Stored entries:
# # # # #

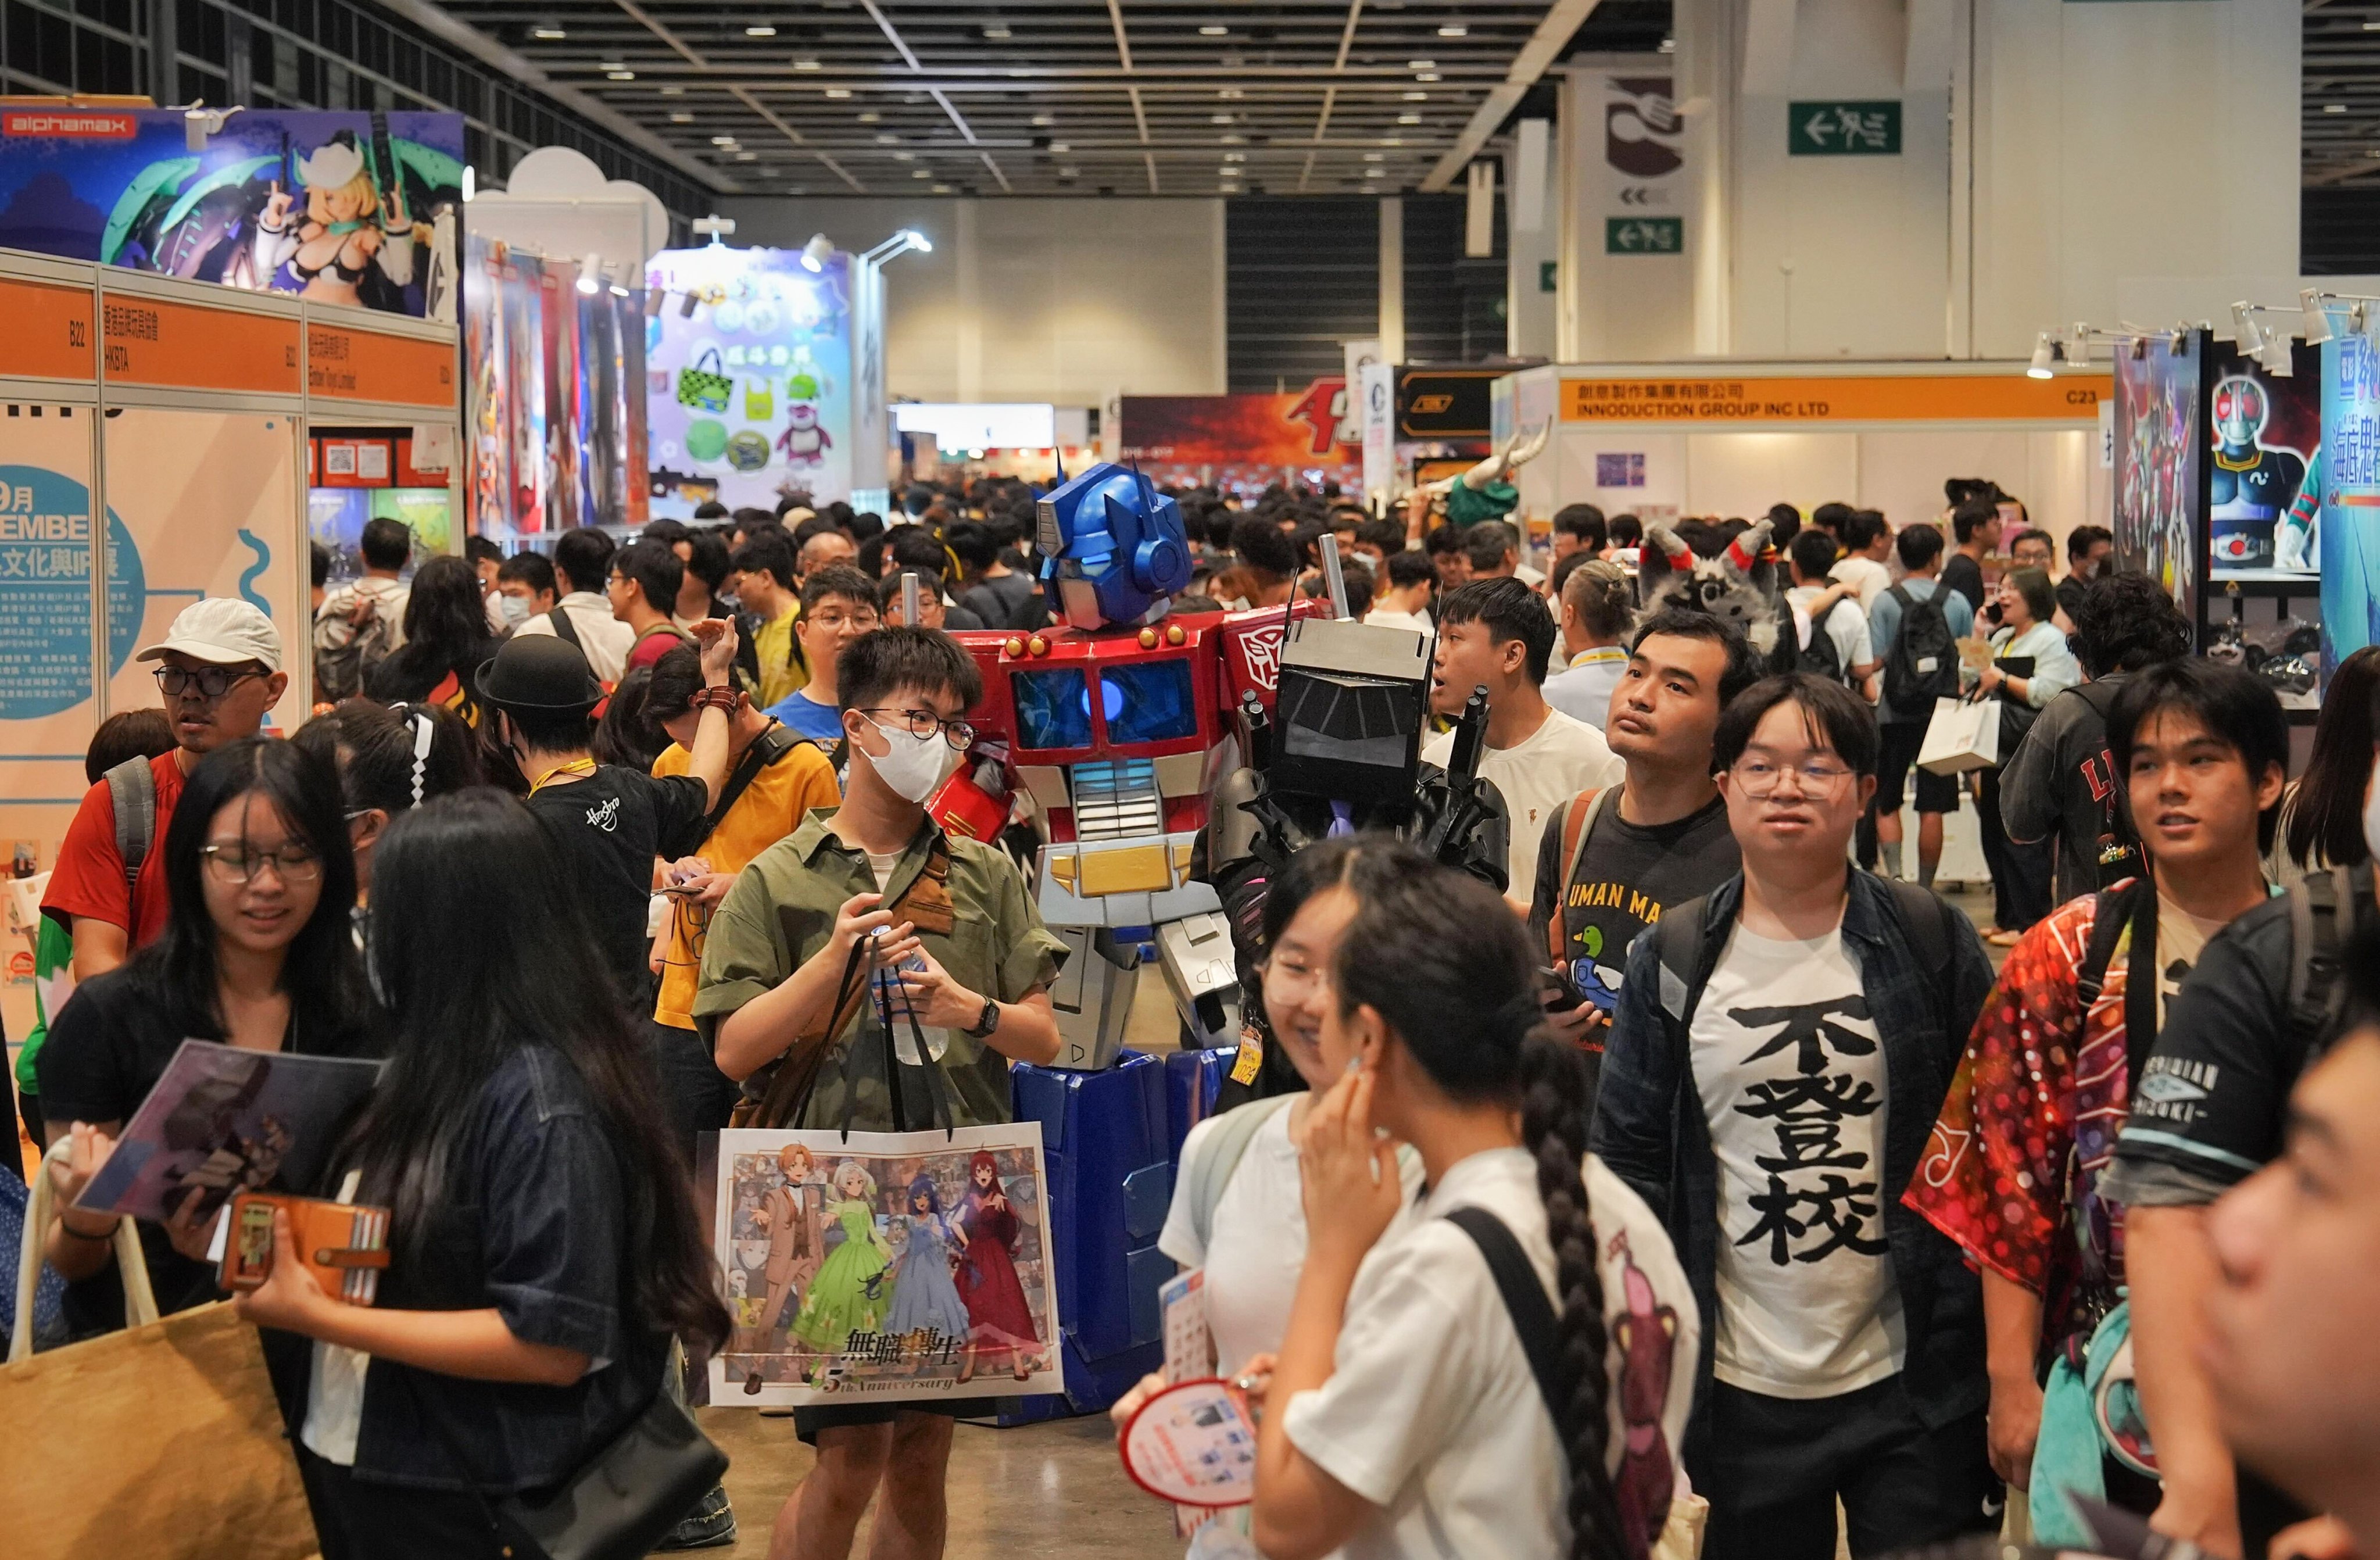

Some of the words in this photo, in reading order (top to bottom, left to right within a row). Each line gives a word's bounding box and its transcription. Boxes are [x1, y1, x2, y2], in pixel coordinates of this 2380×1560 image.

[12, 116, 126, 133] alphamax
[70, 320, 85, 348] B22
[105, 345, 130, 373] HKBTA
[1577, 402, 1694, 417] INNODUCTION
[1699, 402, 1759, 417] GROUP
[1765, 401, 1794, 415] INC
[1798, 401, 1830, 416] LTD
[2066, 389, 2097, 405] C23
[585, 797, 620, 826] Hasbro
[1569, 882, 1624, 908] UMAN
[1726, 994, 1889, 1266] 不登校
[857, 1378, 954, 1391] Anniversary

# # # # #

◆ What to produce ◆
Your task is to transcribe all of the records precisely, with no images included.

◆ Exercise answer ◆
Some of the words in this photo, in reading order (top to bottom, left to right within a row). Each line gives a word's bounding box and its transcription. Boxes are [x1, y1, x2, y2], in pixel coordinates of this 2380×1560 image.

[12, 116, 126, 133] alphamax
[70, 320, 85, 348] B22
[105, 345, 130, 373] HKBTA
[1577, 402, 1694, 417] INNODUCTION
[1699, 402, 1759, 417] GROUP
[1765, 401, 1794, 415] INC
[1798, 401, 1830, 416] LTD
[2066, 389, 2097, 405] C23
[585, 797, 620, 826] Hasbro
[1569, 882, 1624, 908] UMAN
[1726, 994, 1889, 1266] 不登校
[857, 1378, 954, 1391] Anniversary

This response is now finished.